<J2:松本2-3山形>◇第40節◇10日◇松本

 山形がFW大久保剛志(27)のJ初ゴールを含む2得点で、松本との激闘を制した。相手GKに先制点を許す苦しい展開の中、後半24分から途中出場。28分に秋葉のクロスを頭で合わせて追いつくと、2-2の後半ロスタイムにPKを沈めて競り勝った。6位徳島との勝ち点5差の10位に浮上し、プレーオフ進出に望みをつないだ。

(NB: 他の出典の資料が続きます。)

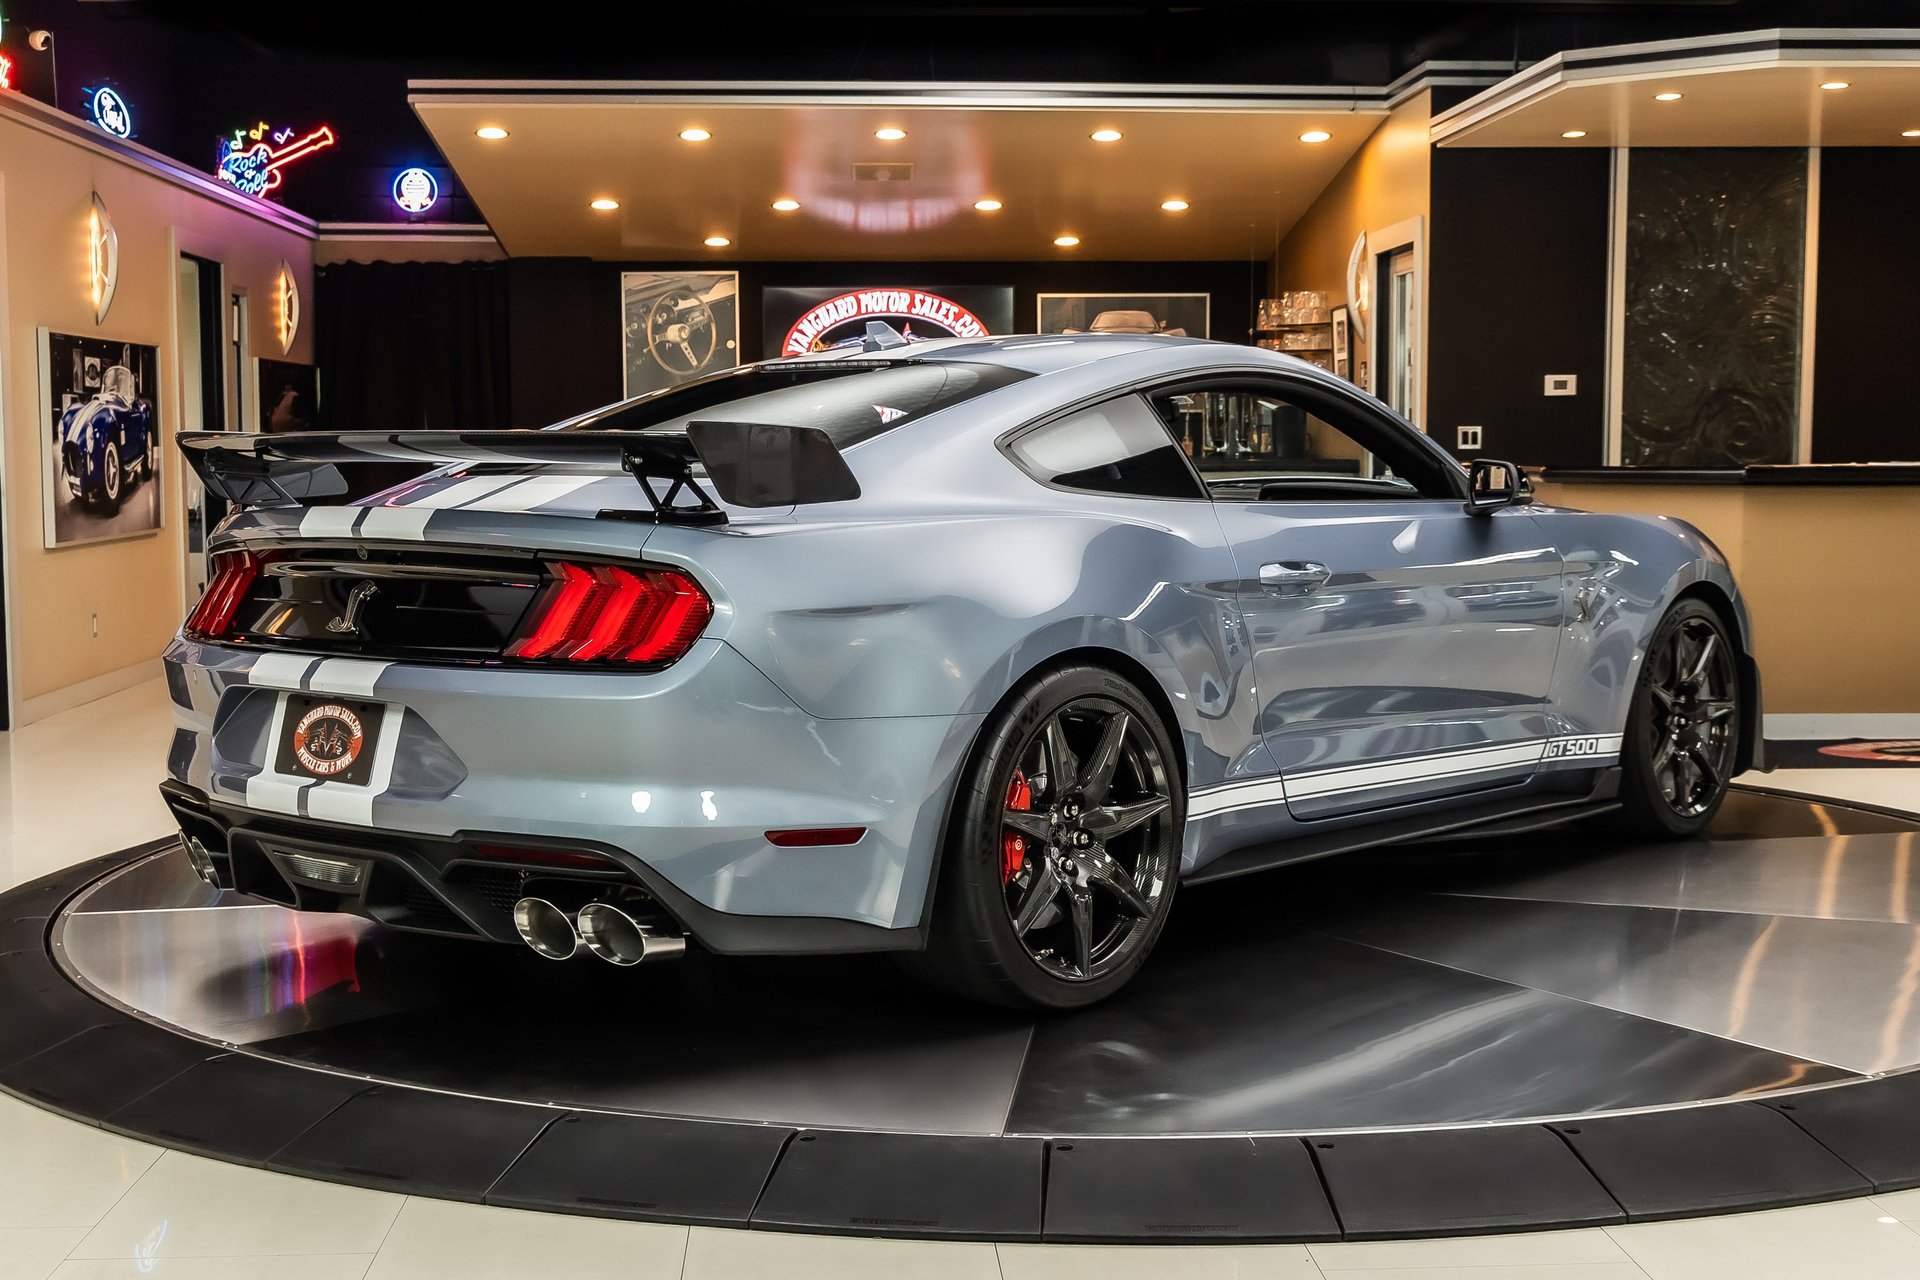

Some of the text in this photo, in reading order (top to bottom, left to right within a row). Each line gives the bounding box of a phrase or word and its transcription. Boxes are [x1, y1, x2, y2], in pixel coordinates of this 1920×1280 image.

[229, 147, 268, 173] Rock
[787, 291, 985, 353] VANGUARD MOTOR SALES.CO
[297, 705, 362, 739] VANGUARD MOTOR SALES.COM
[297, 746, 354, 774] MUSCLE CARS & MORE
[1549, 739, 1597, 757] GT500

 待ちに待った瞬間が訪れた。左サイドに流れて顔を上げた秋葉と、目があった。大久保は「練習からマサルさん(秋葉)が『剛志の動きだしはいい』と言ってくれていた」と信じてゴール前へ飛び込んだ。05年の仙台入団から9年。結果を残せずJFLソニー仙台への移籍を経験し、J9試合目での初ゴールだった。西河の退場で数的不利となった終了間際には、志願してPKを蹴りこんで勝ち越し。「僕をJの舞台に戻してくれた奥野監督と中井川GMに恩返しがしたかった」。真っ先にベンチに向かって走り、抱き合って喜びを爆発させた。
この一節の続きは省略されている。